Am Donnerstag fand vor dem Polizeigericht in La Chaux-de-Fonds der Prozess gegen den Pfarrer statt. Valleys Anwalt Olivier Bigler argumentierte unter anderem mit der bisherigen Rechtsprechung. Das Bundesgericht sprach einen Mann mit italienischer Staatsangehörigkeit frei, der während gut zwei Monaten knapp zehnmal eine illegal anwesende Frau bei Kamerun bei sich empfangen hatte. Die Richter in Lausanne hielten fest, für eine Verurteilung zur Erleichterung des illegalen Aufenthalts müsse man Ausländer ohne Aufenthaltsbewilligung während einer bestimmten Dauer beherbergen. Jemandem nur für ein paar Tage ein Dach über dem Kopf zu gewähren, genüge nicht für eine Bestrafung. Ein solches Verhalten verhindere keine amtlichen Handlungen.

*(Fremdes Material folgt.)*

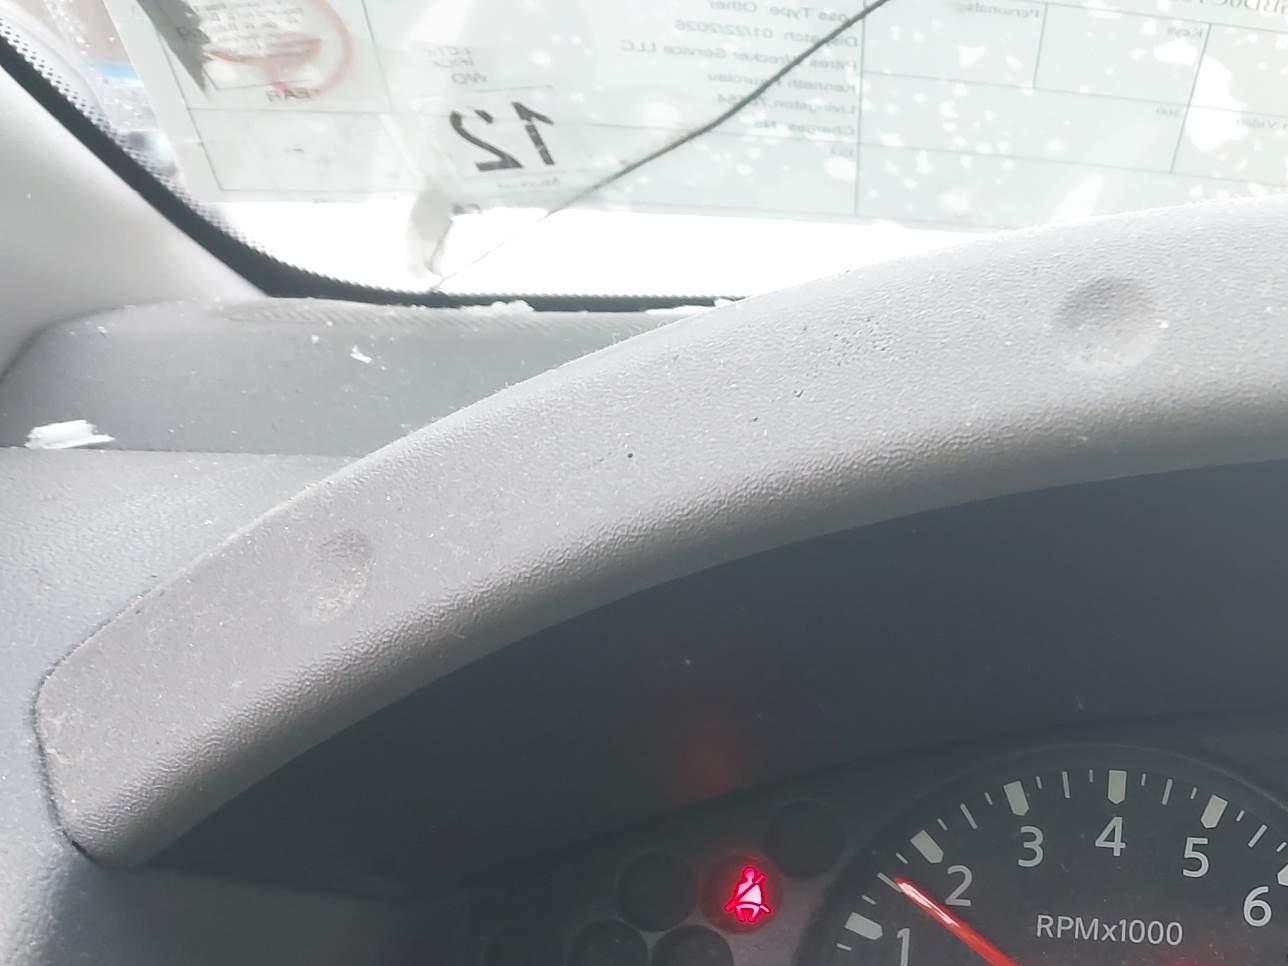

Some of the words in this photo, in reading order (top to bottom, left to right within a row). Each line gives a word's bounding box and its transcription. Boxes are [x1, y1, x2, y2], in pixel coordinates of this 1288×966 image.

[1018, 825, 1044, 867] 3
[1095, 816, 1126, 857] 4
[1182, 837, 1209, 878] 5
[944, 864, 973, 907] 2
[1243, 886, 1272, 927] 6
[1036, 914, 1184, 947] RPMx1000
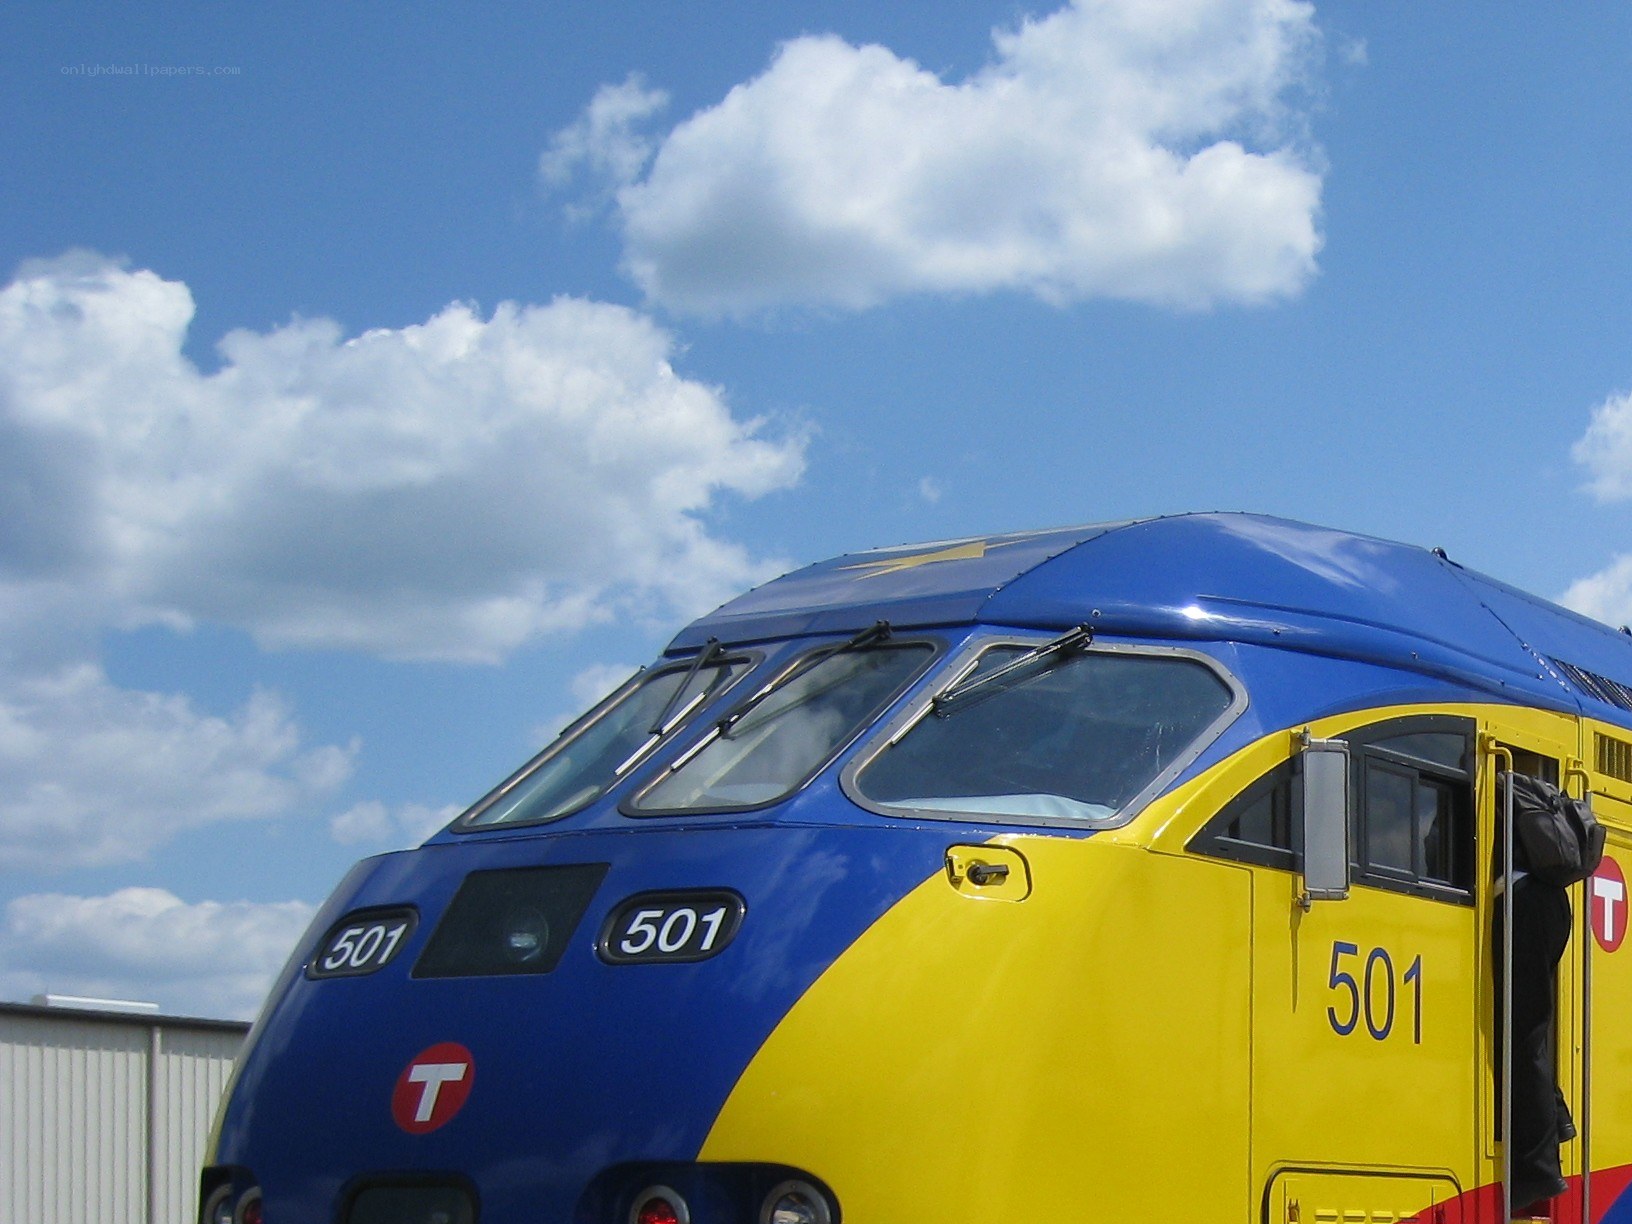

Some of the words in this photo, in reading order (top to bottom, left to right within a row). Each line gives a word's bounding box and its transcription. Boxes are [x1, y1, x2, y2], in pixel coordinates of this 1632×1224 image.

[620, 907, 728, 955] 501
[1593, 876, 1623, 942] T
[324, 922, 408, 971] 501
[1326, 940, 1423, 1045] 501
[407, 1062, 469, 1123] T

Einzelrichter Alain Ruferner kam zum Schluss, dass Valleys Unterstützungshandlungen für eine Verurteilung nicht reichen. Der Mann aus Togo habe ausgesagt, nur ab und zu in der Kirche übernachtet zu haben. Nach dem Urteilsspruch applaudierten die Zuhörer.

Valley-Unterstützer verfolgten Prozess via Twitter

Rund zwei Dutzend Personen verfolgten den Prozess, darunter Anni Lanz. Die 74-jährige Baslerin wurde vor kurzem selber wegen des sogenannten Solidaritätsdelikts zu einer Busse verurteilt. Sie wollte einem nach Italien abgewiesenen Afghanen über die Grenze helfen, als dieser in Domodossola bei Minustemperaturen fror.

Rund 30 Personen drückten vor dem Gericht mit Transparenten ihre Solidarität mit Valley aus. Später begaben sie sich in eine nahe gelegene Kapelle; von dort verfolgten sie die Verhandlung via Twitter. Er habe das Evangelium auf seiner Seite, argumentierte Valley. Menschen in Not müsse man helfen.

«Ich möchte nicht, dass Gott mich eines Tages fragt: Was hast du gemacht mit deinem Nächsten?»

, sagte Valley. Er habe dem abgewiesenen Ausländer einen «Schlüssel des Überlebens» überreicht. Der Togolese hatte einen Suizidversuch unternommen, nachdem er mit seinem Asylgesuch abgeblitzt war. Er lebt noch immer illegal im Land. Sein Glaube halte ihn am Leben, sagte Valley, als er zu einer Pressekonferenz im Vorfeld des Prozesses zugeschaltet wurde.

Polizei tauchte während Gottesdienst auf

Der Fall des Pfarrers sorgte für nationale Schlagzeilen. Die Neuenburger Polizei tauchte im Februar 2018 in der Kirche in Le Locle auf, als Valley einen Gottesdienst hielt. Valley verliess sie die Sonntagsmesse freiwillig und folgte den Beamten auf den Polizeiposten. Eine andere Person führte den Gottesdienst zu Ende. Die Intervention während des Gottesdienstes stiess bei vielen Gläubigen auf Unverständnis.